[v5,0/5] Implement MTE tag compression for swapped pages

Message ID 20230922080848.1261487-1-glider@google.com
Headers
Series Implement MTE tag compression for swapped pages |

Message

Alexander Potapenko Sept. 22, 2023, 8:08 a.m. UTC
  Currently, when MTE pages are swapped out, the tags are kept in the
memory, occupying PAGE_SIZE/32 bytes per page. This is especially
problematic for devices that use zram-backed in-memory swap, because
tags stored uncompressed in the heap effectively reduce the available
amount of swap memory.

The RLE-based algorithm suggested by Evgenii Stepanov and implemented in
this patch series is able to efficiently compress fixed-size tag buffers,
resulting in practical compression ratio between 2.5x and 4x.
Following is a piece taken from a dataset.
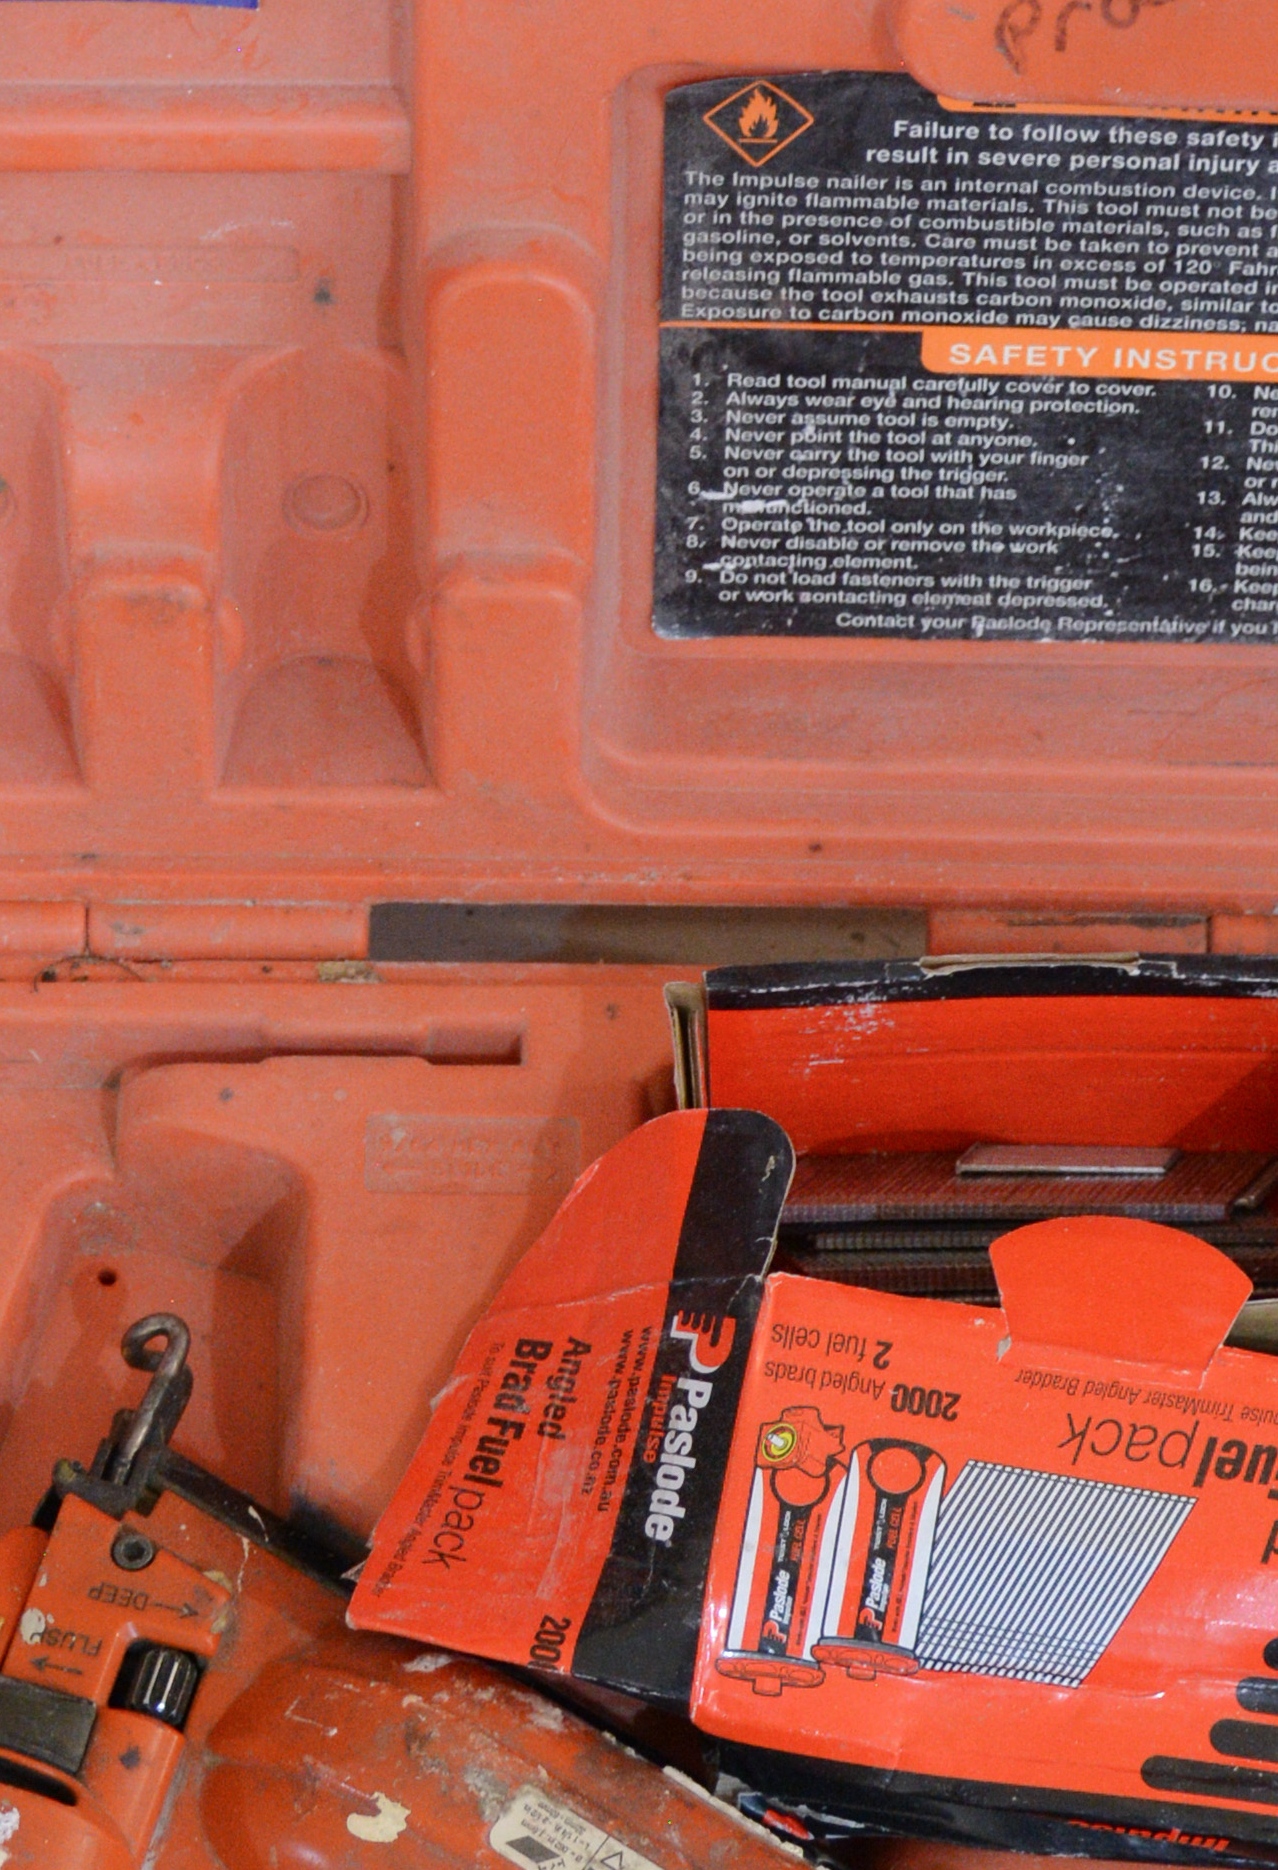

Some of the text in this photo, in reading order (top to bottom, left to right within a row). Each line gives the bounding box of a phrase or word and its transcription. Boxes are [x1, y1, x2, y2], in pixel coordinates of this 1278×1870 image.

In most
cases it is possible to store the compressed data in 63-bit Xarray values,
resulting in no extra memory allocations.

Our measurements show that the proposed algorithm provides better
compression than existing kernel compression algorithms (LZ4, LZO,
LZ4HC, ZSTD) can offer.

To implement compression/decompression, we also extend <linux/bitmap.h>
with methods to read/write bit values at arbitrary places in the map.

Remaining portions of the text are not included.